La cheffe doublement étoilée ré-ouvre son restaurant La Scène à son propre compte. Après une grande période de réflexion, elle revient libérée, décidée à décrocher les étoiles avec ce restaurant, plus en phase avec ses valeurs. Interview

Elle a vécu l’ascenseur émotionnel. En début d’année, il s’est écoulé trois semaines entre l’obtention de sa deuxième étoile pour La Scène au Prince de Galles à Paris et l’annonce, par l’hôtel cinq étoiles, de la fermeture du restaurant. Mais Stéphanie Le Quellec, 37 ans, révélée au grand public lors de sa victoire à Top Chef en 2011, n’est pas de nature à se laisser abattre. Le 9 octobre, elle ouvre sa propre table, baptisée La Scène*. Retour sur ces mois de questionnement et sur sa nouvelle vie.

Pourquoi rouvrir un restaurant gastronomique ?

J’aurais pu me lancer dans une belle brasserie mais, pour le ­moment, j’ai toujours besoin de cette cuisine d’auteur faite de détails, d’équilibre, de précision. La gastronomie étoilée n’est pas morte, elle est simplement en ­mutation. Pendant sept ans au Prince de Galles, j’ai expérimenté cette désacralisation, avec une cuisine ouverte sur la salle, un échange avec le client. J’ai bâti cette identité et je vais aller beaucoup plus loin, l’ancrer dans les dix prochaines années. Dans ce restaurant, je m’engage personnellement à 100 % : c’est ma sueur, mes larmes et mes sous !

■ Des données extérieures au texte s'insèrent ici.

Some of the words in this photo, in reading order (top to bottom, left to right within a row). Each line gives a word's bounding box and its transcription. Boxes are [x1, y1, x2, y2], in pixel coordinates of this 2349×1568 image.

La nouvelle Scène sera-t-elle différente de la première ?

La cuisine sera encore plus ouverte. On retrouvera mes plats signatures au caviar, l’œuf fermier, le ris de veau, etc. Certains auront évolué mais les fondamentaux seront là. Je vais travailler avec des petits producteurs. Et comme j’adore la mixologie, il y aura un espace bar, pour boire un verre et grignoter un tartare de bœuf ou une salade César le midi, des tapas le soir. Il y aura une trentaine de couverts au restaurant et une vingtaine au bar.

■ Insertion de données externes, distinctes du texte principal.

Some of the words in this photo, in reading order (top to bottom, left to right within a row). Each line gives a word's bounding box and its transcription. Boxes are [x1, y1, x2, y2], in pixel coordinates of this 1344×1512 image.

Vous viserez les deux étoiles à nouveau ?

Il faut se retrousser les manches et essayer de les raccrocher. Quand on a trouvé son style et son niveau d’expression et de régularité, les choses arrivent. C’est ce qui s’est passé au Prince de Galles la dernière année. Comme dans la chanson de Sinatra, « If I can make it there, I can make it anywhere » [si je peux le faire ici, je peux le faire n’importe où].

Les palaces, c’est bien fini ?

À mon départ, j’ai eu deux jolies propositions d’hôtels. Mais j’avais la conviction que mon chemin était ailleurs. Je ne veux plus de cette vie : j’ai beaucoup réfléchi pendant mon dernier congé maternité, il y a deux ans. J’ai pris conscience d’être passée à côté de certaines choses avec mes deux premiers fils, que j’ai eus à 22 et 23 ans. Je me suis demandé quel sens je voulais donner à ma vie, si je n’avais pas envie de profiter davantage de mon mari, de mes enfants, de ma maison en Normandie, de mes week-ends…

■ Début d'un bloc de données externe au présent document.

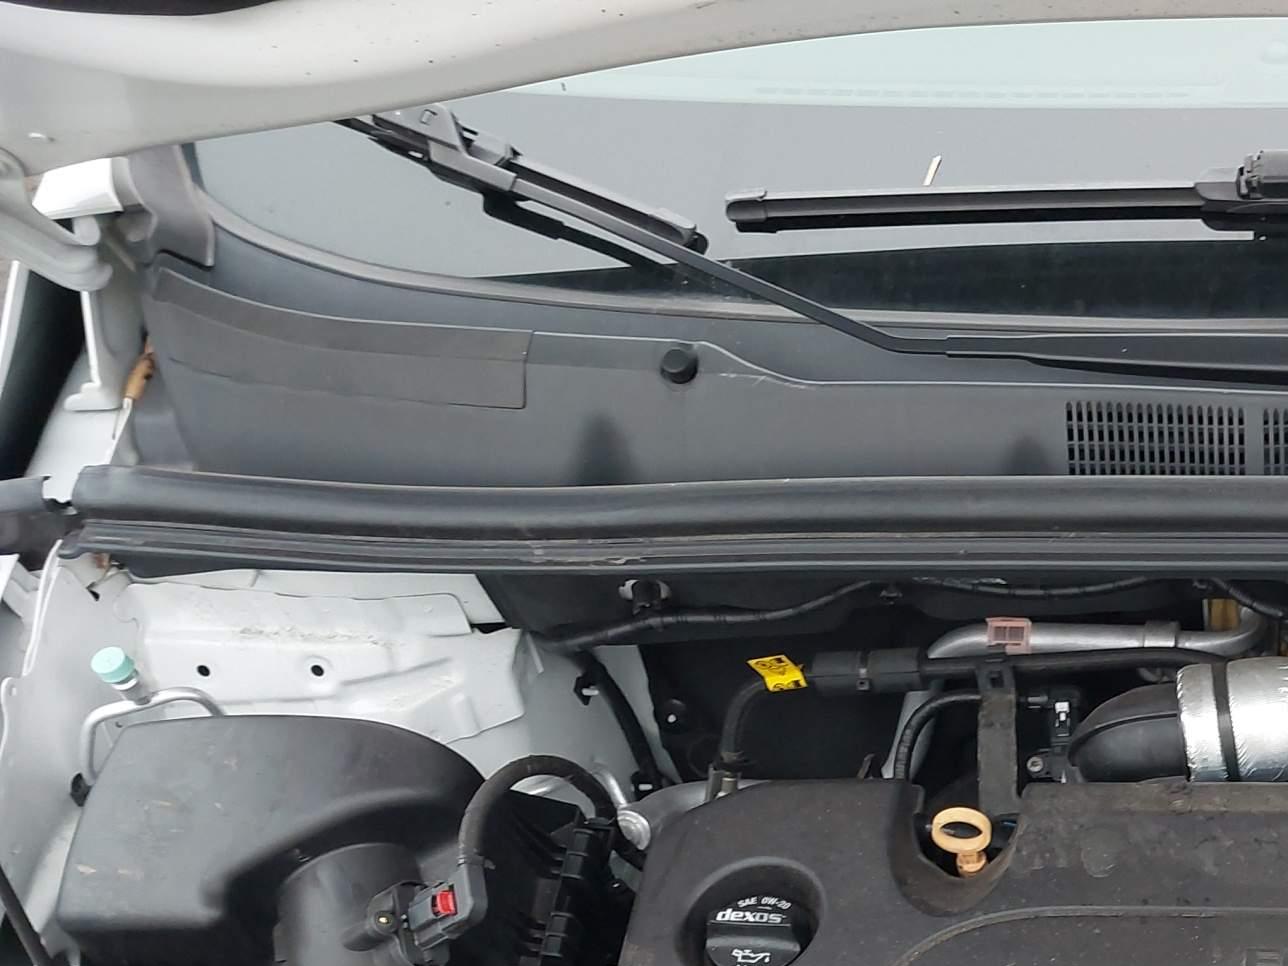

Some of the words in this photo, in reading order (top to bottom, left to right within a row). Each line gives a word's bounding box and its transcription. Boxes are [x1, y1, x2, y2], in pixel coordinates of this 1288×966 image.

[737, 897, 758, 908] SAE
[760, 896, 792, 910] 0W-20
[716, 908, 784, 924] dexos
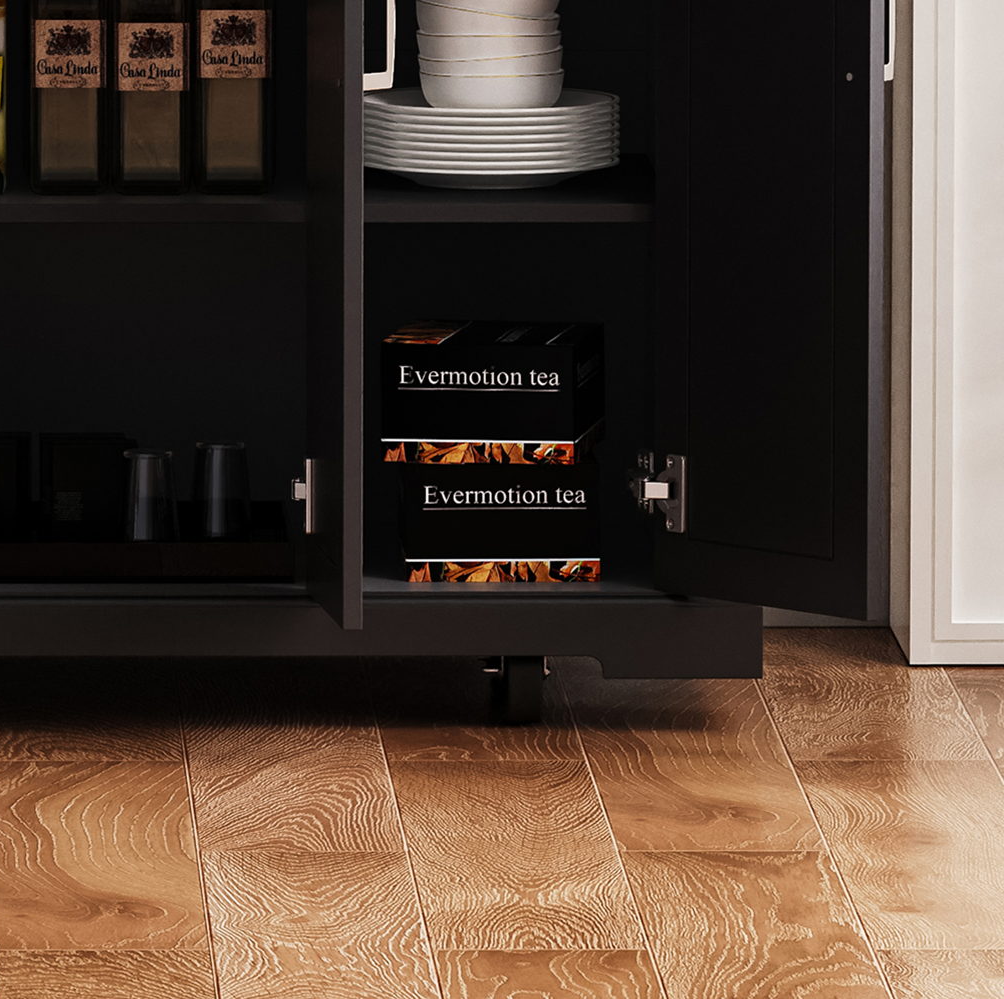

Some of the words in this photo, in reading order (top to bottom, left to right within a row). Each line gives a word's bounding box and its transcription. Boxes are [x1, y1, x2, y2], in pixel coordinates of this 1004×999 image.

Stéphanie Le Quellec: "c est le premier jour du reste de ma vie"

Vous n’aviez jamais eu l’occasion de faire ce bilan auparavant ?

Je ne m’étais pas posé la question. Ce métier n’est pas décérébrant mais il ne nous donne pas le temps de réfléchir. C’est un métier d’instinct et de course, on est dedans, on déroule : prise dans cette mécanique, j’ai fait ma carrière dans les palaces et les étoiles. Jusqu’au jour où l’on se demande si on se lève toujours avec la même envie le matin. Suis-je heureuse ? Je l’ai été mais je ne l’étais plus. C’est donc une décision de vie. Comme dit Laurent Petit [chef trois-étoiles du Clos des Sens à Annecy], je ne veux plus « faire pour faire », mais « faire pour être ». Mon restaurant, c’est ma vie et j’ai besoin d’être en phase avec mes valeurs.

 

Vous les aviez perdues ?

Peut-être. Il y a eu la forte médiatisation de la télévision, le palace, les étoiles… Cette surenchère m’a fait perdre de vue la personne que j’étais à 14 ans, quand j’ai choisi d’entrer à l’école hôtelière. J’habitais Enghien-les-Bains, je venais d’un milieu modeste, je n’ai jamais mangé dans un restaurant étoilé avant 19 ans, aller au bistrot en famille était un événement. À l’époque, mes ambitions étaient de cuisiner des filets de sole en brioche et des petits steaks au poivre, parce que c’était ma culture. Puis je me suis retrouvée à « être quelqu’un », mais peut-être pas celle que j’avais envie d’être. Maintenant, je veux faire cohabiter les deux : conserver l’excellence à laquelle j’ai goûté, tout en me rapprochant de mes valeurs d’avant.

Vous avez l’air libérée…

Parce que c’est très libérateur d’être « chez moi », dans mon propre restaurant. Même physiquement, je me sens mieux : je respire. Et d’un point de vue purement culinaire, je n’ai plus à faire valider mes menus ! Je reprends du plaisir à cuisiner. Dans les grandes ­maisons, ce n’est pas vous qui levez le filet de ­poisson. Moi, j’ai besoin de faire, ma créativité est plus grande quand j’ai le produit dans les mains. À La Scène, je serai là pour incarner mon restaurant parce que les gens veulent voir le chef. Ce qu’on attend de lui, c’est une personnalité, une histoire à raconter, et puis bien sûr une maîtrise technique.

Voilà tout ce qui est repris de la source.